__TASK OBJECTIVE__: Set down the line containing "this 1689×1125 image." and every line that follows it in the listing below, exactly as written and with nothing added.

* * *

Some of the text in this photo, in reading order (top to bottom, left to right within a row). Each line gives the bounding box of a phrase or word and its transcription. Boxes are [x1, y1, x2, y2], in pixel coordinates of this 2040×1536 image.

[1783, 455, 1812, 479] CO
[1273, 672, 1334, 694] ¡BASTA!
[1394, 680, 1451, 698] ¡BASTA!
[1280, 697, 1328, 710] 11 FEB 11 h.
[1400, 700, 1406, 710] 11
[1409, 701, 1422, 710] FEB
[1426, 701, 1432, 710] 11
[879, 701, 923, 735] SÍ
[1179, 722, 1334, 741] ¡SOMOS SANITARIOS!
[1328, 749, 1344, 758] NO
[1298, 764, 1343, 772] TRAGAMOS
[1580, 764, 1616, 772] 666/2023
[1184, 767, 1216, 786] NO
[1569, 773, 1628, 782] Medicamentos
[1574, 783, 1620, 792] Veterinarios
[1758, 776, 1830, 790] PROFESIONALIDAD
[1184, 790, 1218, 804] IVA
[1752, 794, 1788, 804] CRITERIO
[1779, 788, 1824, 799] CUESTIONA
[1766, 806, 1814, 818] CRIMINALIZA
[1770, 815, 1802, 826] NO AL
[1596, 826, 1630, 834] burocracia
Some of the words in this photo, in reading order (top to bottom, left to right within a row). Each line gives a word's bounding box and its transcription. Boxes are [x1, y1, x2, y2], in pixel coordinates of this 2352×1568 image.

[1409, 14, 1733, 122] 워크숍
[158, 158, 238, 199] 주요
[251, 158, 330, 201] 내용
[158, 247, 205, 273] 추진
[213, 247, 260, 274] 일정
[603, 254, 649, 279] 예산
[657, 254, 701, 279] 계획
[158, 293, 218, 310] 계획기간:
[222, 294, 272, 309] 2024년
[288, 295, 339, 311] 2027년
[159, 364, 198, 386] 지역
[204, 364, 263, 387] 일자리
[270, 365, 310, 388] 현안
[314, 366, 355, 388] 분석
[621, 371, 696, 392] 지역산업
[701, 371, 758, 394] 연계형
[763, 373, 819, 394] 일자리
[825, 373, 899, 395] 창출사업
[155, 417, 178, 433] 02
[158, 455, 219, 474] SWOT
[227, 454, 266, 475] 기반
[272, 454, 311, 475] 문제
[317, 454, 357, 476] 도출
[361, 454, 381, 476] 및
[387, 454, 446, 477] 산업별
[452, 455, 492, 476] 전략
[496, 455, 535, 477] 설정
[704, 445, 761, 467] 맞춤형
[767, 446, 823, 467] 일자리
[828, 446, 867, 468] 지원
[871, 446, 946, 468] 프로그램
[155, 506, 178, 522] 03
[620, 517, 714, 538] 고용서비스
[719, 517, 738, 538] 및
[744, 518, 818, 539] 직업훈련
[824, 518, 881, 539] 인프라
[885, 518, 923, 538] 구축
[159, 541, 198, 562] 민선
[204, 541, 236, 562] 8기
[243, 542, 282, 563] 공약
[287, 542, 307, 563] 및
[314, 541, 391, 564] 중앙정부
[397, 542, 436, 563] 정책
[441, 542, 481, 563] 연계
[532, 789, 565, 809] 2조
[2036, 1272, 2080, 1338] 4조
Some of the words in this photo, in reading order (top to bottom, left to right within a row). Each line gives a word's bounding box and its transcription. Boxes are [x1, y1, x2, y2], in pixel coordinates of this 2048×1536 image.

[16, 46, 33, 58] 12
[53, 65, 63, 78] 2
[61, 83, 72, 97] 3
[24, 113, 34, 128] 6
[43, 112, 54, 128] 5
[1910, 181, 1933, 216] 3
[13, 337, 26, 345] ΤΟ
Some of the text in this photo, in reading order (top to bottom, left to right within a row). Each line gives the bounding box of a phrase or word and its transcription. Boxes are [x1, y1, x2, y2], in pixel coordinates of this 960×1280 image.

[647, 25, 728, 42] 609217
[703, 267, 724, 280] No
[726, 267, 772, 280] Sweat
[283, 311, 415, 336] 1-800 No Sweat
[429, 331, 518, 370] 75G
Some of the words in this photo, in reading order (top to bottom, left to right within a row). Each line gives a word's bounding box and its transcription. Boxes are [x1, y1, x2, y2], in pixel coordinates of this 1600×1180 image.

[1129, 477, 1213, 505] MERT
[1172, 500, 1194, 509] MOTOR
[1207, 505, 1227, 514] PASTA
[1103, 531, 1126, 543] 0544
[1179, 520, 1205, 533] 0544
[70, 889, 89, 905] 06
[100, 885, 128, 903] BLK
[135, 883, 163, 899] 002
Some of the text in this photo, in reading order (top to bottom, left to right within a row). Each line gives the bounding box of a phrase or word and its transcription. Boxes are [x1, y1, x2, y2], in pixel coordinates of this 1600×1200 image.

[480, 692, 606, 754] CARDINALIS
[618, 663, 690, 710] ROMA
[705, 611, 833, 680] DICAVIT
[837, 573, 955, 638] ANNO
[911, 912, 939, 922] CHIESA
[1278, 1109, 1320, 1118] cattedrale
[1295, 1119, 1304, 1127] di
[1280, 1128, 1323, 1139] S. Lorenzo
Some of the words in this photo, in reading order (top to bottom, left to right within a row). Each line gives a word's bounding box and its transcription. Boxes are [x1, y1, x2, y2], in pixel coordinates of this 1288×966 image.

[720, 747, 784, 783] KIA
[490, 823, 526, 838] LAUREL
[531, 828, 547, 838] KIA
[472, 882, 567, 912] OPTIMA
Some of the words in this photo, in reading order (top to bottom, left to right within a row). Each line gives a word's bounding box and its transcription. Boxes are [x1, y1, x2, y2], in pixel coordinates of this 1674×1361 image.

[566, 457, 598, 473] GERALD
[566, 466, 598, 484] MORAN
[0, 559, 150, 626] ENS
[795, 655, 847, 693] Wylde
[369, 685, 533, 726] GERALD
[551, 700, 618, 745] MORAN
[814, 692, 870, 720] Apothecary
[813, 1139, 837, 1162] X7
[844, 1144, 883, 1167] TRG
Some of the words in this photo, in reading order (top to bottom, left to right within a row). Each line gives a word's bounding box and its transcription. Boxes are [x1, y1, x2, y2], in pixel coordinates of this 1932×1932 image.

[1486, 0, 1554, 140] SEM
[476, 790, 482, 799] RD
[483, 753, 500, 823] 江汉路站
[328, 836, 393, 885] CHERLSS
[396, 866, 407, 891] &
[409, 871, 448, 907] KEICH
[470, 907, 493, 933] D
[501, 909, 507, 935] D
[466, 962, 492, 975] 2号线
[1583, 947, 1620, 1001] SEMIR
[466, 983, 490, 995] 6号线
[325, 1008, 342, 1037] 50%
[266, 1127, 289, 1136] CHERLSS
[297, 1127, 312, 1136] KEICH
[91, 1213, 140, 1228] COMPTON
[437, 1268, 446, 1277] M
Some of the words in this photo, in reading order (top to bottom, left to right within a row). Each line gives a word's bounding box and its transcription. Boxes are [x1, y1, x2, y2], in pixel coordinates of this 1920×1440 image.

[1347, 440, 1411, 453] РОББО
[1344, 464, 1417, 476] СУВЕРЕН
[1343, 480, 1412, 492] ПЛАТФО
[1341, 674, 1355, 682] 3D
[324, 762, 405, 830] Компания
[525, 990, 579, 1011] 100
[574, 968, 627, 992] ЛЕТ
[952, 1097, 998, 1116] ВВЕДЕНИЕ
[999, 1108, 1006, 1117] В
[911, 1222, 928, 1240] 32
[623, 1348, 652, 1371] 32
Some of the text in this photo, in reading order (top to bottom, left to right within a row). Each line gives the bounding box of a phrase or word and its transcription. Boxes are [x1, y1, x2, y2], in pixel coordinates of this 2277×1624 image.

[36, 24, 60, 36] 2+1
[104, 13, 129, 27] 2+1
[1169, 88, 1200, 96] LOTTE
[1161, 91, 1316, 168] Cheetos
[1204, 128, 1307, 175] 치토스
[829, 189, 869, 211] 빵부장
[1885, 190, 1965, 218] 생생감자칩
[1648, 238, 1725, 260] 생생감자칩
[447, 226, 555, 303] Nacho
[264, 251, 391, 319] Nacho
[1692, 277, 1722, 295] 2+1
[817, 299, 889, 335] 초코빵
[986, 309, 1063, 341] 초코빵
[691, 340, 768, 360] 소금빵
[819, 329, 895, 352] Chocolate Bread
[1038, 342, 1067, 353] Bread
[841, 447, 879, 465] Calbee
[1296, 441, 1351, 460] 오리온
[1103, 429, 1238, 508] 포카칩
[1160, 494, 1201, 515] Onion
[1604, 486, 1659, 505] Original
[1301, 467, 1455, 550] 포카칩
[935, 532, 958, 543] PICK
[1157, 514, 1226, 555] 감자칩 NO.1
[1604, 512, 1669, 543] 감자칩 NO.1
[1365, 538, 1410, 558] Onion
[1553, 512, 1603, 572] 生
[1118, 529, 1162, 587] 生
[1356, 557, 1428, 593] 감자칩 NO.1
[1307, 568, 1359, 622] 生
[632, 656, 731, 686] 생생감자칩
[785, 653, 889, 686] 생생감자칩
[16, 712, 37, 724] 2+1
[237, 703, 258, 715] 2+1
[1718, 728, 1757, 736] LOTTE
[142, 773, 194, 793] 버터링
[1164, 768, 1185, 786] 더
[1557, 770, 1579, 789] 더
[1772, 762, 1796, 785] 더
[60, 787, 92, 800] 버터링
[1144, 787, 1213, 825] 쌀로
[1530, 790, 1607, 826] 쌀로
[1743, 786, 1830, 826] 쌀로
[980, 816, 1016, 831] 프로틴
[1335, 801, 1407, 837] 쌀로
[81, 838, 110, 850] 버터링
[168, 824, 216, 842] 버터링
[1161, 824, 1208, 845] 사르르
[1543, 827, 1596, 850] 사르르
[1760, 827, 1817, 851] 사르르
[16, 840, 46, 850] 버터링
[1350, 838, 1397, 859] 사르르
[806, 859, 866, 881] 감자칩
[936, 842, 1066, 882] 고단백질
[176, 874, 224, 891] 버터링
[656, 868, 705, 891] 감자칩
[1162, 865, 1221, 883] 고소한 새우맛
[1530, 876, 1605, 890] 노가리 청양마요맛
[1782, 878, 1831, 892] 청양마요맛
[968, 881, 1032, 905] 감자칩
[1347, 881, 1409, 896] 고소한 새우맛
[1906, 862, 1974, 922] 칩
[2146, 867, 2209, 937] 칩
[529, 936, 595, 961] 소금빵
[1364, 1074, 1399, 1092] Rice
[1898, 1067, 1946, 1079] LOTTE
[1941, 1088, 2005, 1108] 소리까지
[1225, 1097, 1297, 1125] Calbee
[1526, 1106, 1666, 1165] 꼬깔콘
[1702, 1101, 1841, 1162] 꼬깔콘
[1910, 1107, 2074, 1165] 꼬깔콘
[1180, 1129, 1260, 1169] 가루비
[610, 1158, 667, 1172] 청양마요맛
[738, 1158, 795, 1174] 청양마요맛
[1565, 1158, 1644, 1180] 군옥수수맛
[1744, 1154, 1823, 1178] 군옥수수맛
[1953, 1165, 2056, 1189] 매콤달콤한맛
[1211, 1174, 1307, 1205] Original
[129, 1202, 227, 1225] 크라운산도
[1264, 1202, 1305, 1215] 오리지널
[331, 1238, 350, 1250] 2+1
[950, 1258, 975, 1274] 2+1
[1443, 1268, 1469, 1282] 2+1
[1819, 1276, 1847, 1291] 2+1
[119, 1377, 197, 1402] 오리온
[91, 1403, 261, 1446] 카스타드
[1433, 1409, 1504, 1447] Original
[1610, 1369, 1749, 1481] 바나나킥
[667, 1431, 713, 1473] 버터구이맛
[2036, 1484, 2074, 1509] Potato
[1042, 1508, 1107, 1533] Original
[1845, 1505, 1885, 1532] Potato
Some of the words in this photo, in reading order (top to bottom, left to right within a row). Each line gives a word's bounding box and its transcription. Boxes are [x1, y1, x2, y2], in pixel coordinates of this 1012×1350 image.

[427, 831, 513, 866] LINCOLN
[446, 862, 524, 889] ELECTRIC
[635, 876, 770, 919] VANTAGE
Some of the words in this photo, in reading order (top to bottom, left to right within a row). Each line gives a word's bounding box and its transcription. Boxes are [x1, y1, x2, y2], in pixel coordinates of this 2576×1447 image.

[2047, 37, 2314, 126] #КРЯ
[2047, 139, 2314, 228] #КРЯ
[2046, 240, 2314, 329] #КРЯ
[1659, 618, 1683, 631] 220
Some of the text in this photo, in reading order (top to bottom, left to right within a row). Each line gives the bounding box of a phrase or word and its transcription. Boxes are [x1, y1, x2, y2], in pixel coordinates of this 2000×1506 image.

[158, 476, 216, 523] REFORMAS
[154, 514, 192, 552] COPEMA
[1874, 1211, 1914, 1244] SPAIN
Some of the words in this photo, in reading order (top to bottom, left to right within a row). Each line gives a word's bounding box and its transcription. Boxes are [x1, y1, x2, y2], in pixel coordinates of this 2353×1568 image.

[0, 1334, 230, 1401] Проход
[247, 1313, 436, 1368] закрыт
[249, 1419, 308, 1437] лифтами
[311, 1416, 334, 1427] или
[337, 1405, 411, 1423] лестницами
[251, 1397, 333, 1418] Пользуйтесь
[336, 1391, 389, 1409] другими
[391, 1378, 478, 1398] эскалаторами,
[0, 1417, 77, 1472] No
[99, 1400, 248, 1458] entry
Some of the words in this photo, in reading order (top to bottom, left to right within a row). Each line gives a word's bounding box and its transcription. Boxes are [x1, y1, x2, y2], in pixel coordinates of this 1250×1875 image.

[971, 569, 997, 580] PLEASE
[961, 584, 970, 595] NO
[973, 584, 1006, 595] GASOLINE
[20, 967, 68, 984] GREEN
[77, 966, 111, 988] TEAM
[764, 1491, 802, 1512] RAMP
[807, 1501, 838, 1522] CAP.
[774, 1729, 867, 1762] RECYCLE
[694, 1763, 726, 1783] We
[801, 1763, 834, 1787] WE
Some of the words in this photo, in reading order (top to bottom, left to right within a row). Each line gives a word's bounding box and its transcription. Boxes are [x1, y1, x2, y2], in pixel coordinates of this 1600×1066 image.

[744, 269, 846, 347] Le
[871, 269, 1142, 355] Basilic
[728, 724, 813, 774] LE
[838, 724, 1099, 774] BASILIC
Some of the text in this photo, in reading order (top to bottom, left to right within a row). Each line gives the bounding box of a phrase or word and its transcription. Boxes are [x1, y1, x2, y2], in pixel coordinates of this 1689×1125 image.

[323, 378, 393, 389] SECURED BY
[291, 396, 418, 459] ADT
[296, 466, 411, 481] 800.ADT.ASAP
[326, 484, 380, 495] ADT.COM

* * *

__SOLUTION FOR THIS EXERCISE__:
Some of the text in this photo, in reading order (top to bottom, left to right within a row). Each line gives the bounding box of a phrase or word and its transcription. Boxes are [x1, y1, x2, y2], in pixel coordinates of this 1689×1125 image.

[323, 378, 393, 389] SECURED BY
[291, 396, 418, 459] ADT
[296, 466, 411, 481] 800.ADT.ASAP
[326, 484, 380, 495] ADT.COM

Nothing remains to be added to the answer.